Rio Galeão also has signed up 365 Deli, Cafe Suplicy and Espaço Sushi as new food and beverage tenants. Some new eateries are already operating, and the rest are expected to be by the end of the year. New retailers that reflect the flavor of Rio also have been added.

“Rio Galeão will offer new shopping concepts and brands to the airport. Passengers can look forward to a unique and exciting shopping experience,” said Luiz Rocha, Rio Galeão’s president.

Even bigger changes are in the works at the airport, which handles about 17.5 million passengers annually, compared to 40 million for Miami International Airport last year and 23.5 million for Fort Lauderdale-Hollywood International Airport, also last year.

“Our objective is to create a whole new experience at the airport by 2016,” said Pinheiro.

By December 2015, four new floors are expected to be added to the three-level parking garage, new traffic flows will be implemented and surface parking will be covered.

Among the other projects slated to be completed by April 2016 are a new 26-gate concourse, which will more than double the number of gates; 68 new check-in counters, and a reconfiguration of the airport apron that will increase the number of airplane parking slots to 97.

In recent years, Guarulhos International Airport in São Paulo has become Brazil’s international hub. For a number of international routes, residents of Rio — a city of 6.35 million people — must fly to São Paulo to travel abroad.

Rio Galeão wants to increase the number of international flights and their frequencies. The partnership has already gone on road shows in Asia and Europe, and would like to beef up international routes prior to the Olympics.

In June, Aeromexico started a Mexico City-Rio route, and Air Canada will begin flying from Toronto to Rio in December.

“We definitely could use more flights to Miami,” Pinheiro said. “Why not direct flights from Rio to Orlando?” Currently both American Airlines and TAM offer daily flights from Miami International Airport.

With more flights to Brazil than any other U.S. airport, MIA considers itself the Gateway to Brazil. During the World Cup, it offered special merchandise, surprise Brazilian music and dance performances and a soccer-themed art exhibition. MIA officials say they are planning similar activities to capitalize on the Olympics.

Meanwhile, Odebrecht’s big plans for MIA appear to have derailed. At this point, it hoped to be building Airport City, a 33.5-acre business park, convenience center and hotel complex on county-owned land at the airport.

The project, which has been in the works for more than six years, stalled after some Cuban American politicians learned that a subsidiary of Odebrecht USA’s parent company had done work in Cuba. Now Airport Director Emilio Gonzalez says the project no longer makes business sense and has recommended that Miami-Dade County Mayor Carlos Gimenez reject it.

But at Tom Jobim International Airport, named after the Brazilian musical icon, Rio Galeão sees plenty of potential.
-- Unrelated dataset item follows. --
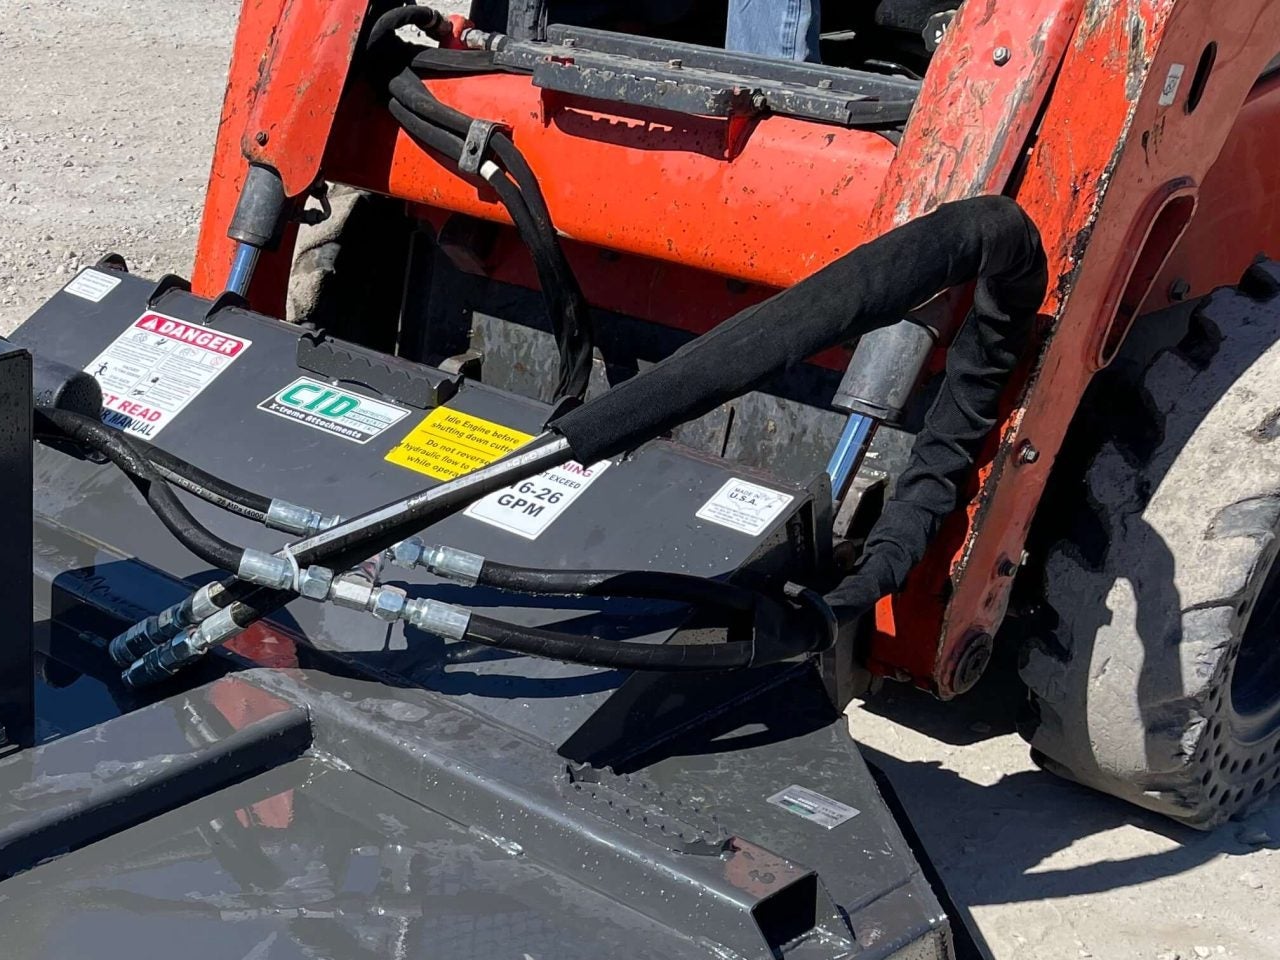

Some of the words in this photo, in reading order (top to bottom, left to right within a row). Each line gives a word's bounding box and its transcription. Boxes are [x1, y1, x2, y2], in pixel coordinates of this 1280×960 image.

For the 25-year concession, it paid 19.02 billion reais ($8.4 billion) — almost four times the minimum required bid and 31 percent more than the runner-up bidder.

“The Latin American aviation market presents many growth opportunities, which we are excited and optimistic about,” said Lee Seow Hiang, chief executive of Changi Airport Group.

“The projection of the volume of passengers was the main value-driver,” said Pinheiro. By the end of the concession, Rio Galeão hopes to increase airport capacity to more than 60 million passengers annually.

The partners’ interest also was piqued by the potential to increase non-aeronautic revenue. The airport now gets only about 30 percent of its revenue from parking, food and beverage sales, shops and other commercial activities, Pinheiro said.

“There is also a lot of room for the airport to grow,” she said. “We have plenty of space to add a third runway if needed.”